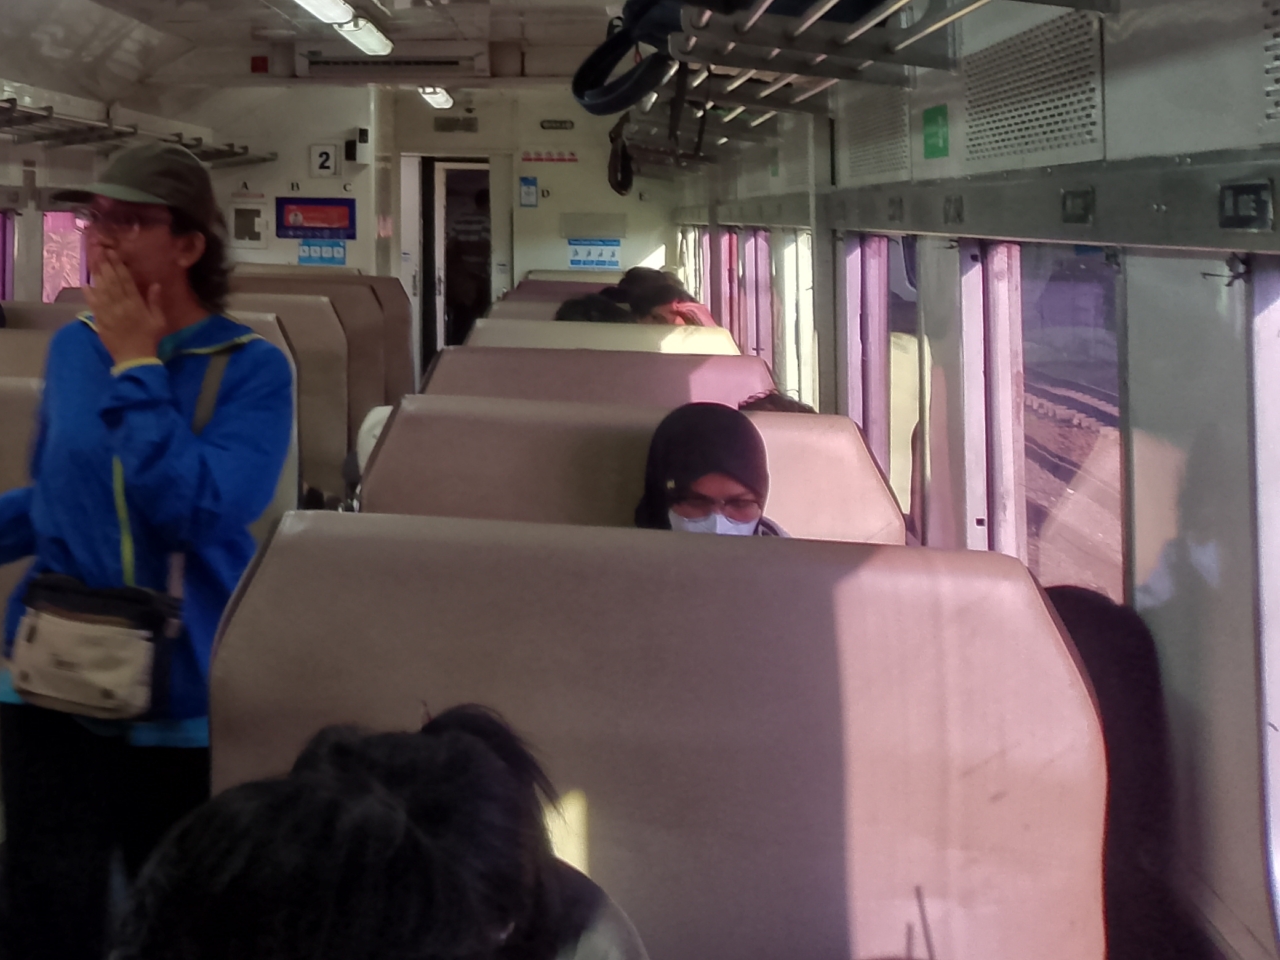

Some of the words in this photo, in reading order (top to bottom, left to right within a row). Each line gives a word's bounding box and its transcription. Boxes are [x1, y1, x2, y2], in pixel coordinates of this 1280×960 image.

[318, 151, 331, 170] 2
[240, 181, 249, 191] A
[291, 182, 300, 191] B
[343, 183, 352, 192] C
[541, 189, 550, 198] D
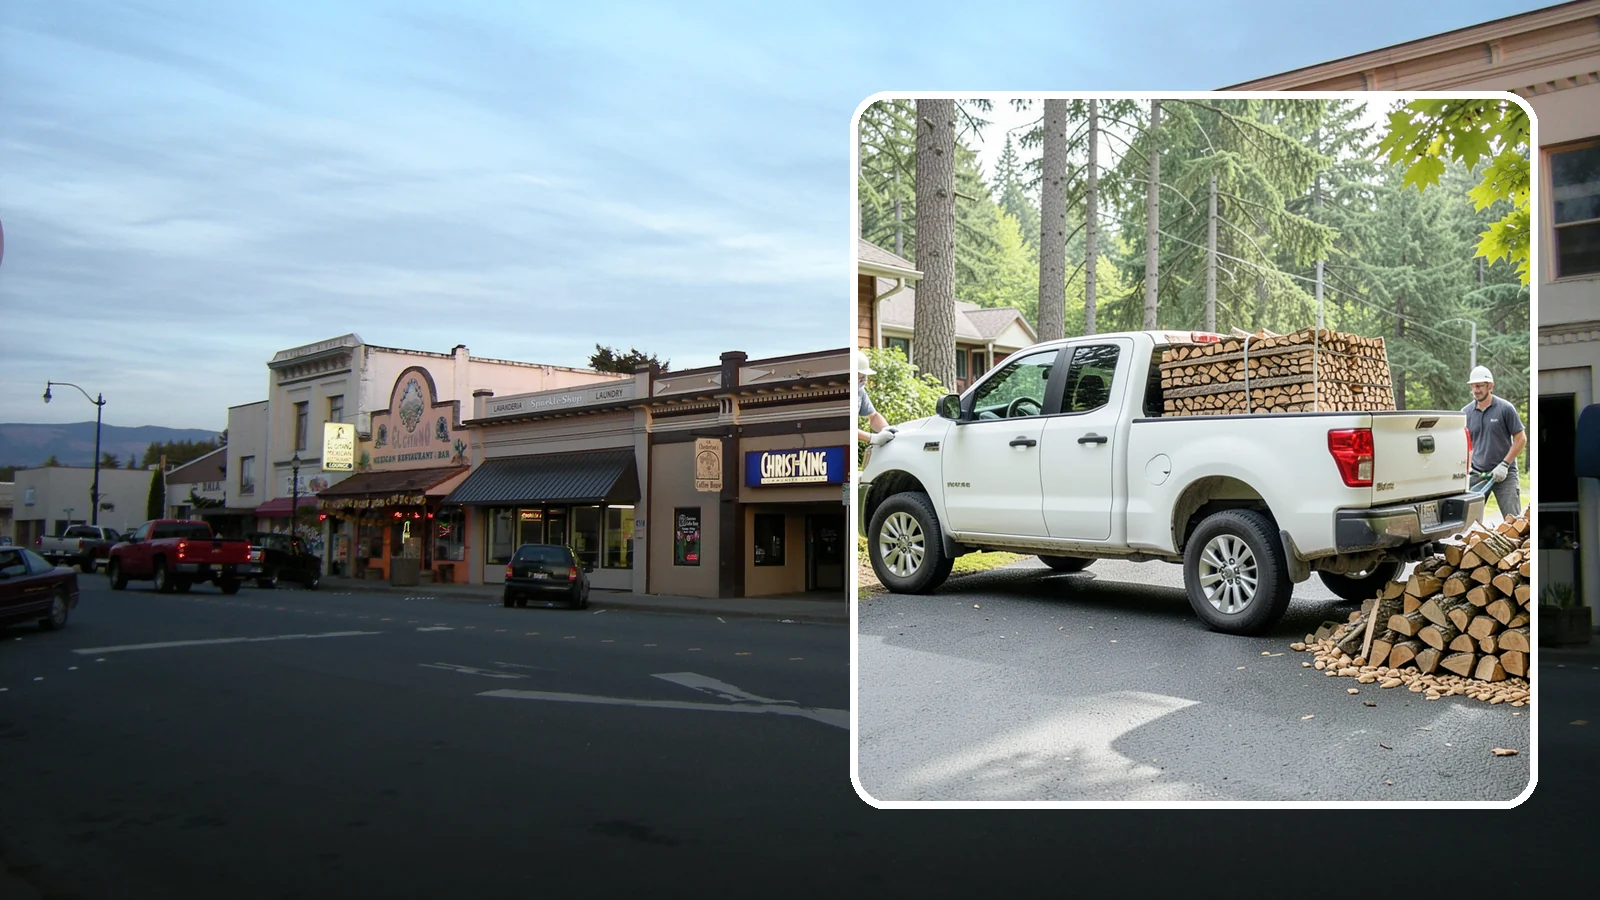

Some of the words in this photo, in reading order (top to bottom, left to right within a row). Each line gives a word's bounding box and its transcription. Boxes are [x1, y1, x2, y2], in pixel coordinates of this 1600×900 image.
• • • • • • •
» TASK GOAL: Repeat the whole listing above word for word, but keep any picture out of it.

» ANSWER FOR THE TASK:
Some of the words in this photo, in reading order (top to bottom, left to right within a row). Each line gives a word's bounding box and its transcription. Boxes are [x1, y1, x2, y2], in pixel coordinates of this 1280×960 image.

[318, 151, 331, 170] 2
[240, 181, 249, 191] A
[291, 182, 300, 191] B
[343, 183, 352, 192] C
[541, 189, 550, 198] D

Some of the words in this photo, in reading order (top to bottom, left to right within a row). Each line gives a word's bounding box and its transcription. Boxes are [x1, y1, x2, y2], in pixel coordinates of this 1600×900 image.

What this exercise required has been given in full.